====== Data section ======

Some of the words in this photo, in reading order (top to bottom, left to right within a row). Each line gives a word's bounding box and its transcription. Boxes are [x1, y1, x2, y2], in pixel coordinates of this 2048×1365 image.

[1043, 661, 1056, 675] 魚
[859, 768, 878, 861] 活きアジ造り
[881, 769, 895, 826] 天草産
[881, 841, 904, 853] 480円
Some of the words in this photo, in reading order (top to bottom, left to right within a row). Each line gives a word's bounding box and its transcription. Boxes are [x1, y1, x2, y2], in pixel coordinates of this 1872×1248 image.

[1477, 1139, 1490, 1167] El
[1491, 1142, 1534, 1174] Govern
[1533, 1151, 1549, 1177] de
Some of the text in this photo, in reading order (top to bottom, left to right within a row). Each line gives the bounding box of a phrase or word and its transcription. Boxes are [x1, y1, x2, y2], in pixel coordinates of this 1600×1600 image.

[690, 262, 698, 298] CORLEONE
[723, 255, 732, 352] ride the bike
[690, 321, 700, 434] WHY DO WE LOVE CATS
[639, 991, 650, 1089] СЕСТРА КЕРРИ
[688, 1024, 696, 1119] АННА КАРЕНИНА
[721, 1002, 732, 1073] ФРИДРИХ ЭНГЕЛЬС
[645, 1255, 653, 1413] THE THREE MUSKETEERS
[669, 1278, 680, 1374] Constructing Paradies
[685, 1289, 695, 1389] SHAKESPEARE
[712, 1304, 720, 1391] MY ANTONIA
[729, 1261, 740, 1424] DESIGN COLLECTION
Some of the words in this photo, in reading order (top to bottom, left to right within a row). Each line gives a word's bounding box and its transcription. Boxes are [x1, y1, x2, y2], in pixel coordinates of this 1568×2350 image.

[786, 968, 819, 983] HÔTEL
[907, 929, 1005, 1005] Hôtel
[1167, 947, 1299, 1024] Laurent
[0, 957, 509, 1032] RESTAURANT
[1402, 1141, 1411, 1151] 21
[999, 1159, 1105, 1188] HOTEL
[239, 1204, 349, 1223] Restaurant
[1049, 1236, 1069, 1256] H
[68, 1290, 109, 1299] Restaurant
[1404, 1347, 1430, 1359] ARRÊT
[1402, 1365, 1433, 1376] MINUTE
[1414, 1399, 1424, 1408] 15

======

- [What to produce]:
Make an exact copy of every record listed above.

- [Task solution]:
Some of the words in this photo, in reading order (top to bottom, left to right within a row). Each line gives a word's bounding box and its transcription. Boxes are [x1, y1, x2, y2], in pixel coordinates of this 2048×1365 image.

[1043, 661, 1056, 675] 魚
[859, 768, 878, 861] 活きアジ造り
[881, 769, 895, 826] 天草産
[881, 841, 904, 853] 480円
Some of the words in this photo, in reading order (top to bottom, left to right within a row). Each line gives a word's bounding box and its transcription. Boxes are [x1, y1, x2, y2], in pixel coordinates of this 1872×1248 image.

[1477, 1139, 1490, 1167] El
[1491, 1142, 1534, 1174] Govern
[1533, 1151, 1549, 1177] de
Some of the text in this photo, in reading order (top to bottom, left to right within a row). Each line gives the bounding box of a phrase or word and its transcription. Boxes are [x1, y1, x2, y2], in pixel coordinates of this 1600×1600 image.

[690, 262, 698, 298] CORLEONE
[723, 255, 732, 352] ride the bike
[690, 321, 700, 434] WHY DO WE LOVE CATS
[639, 991, 650, 1089] СЕСТРА КЕРРИ
[688, 1024, 696, 1119] АННА КАРЕНИНА
[721, 1002, 732, 1073] ФРИДРИХ ЭНГЕЛЬС
[645, 1255, 653, 1413] THE THREE MUSKETEERS
[669, 1278, 680, 1374] Constructing Paradies
[685, 1289, 695, 1389] SHAKESPEARE
[712, 1304, 720, 1391] MY ANTONIA
[729, 1261, 740, 1424] DESIGN COLLECTION
Some of the words in this photo, in reading order (top to bottom, left to right within a row). Each line gives a word's bounding box and its transcription. Boxes are [x1, y1, x2, y2], in pixel coordinates of this 1568×2350 image.

[786, 968, 819, 983] HÔTEL
[907, 929, 1005, 1005] Hôtel
[1167, 947, 1299, 1024] Laurent
[0, 957, 509, 1032] RESTAURANT
[1402, 1141, 1411, 1151] 21
[999, 1159, 1105, 1188] HOTEL
[239, 1204, 349, 1223] Restaurant
[1049, 1236, 1069, 1256] H
[68, 1290, 109, 1299] Restaurant
[1404, 1347, 1430, 1359] ARRÊT
[1402, 1365, 1433, 1376] MINUTE
[1414, 1399, 1424, 1408] 15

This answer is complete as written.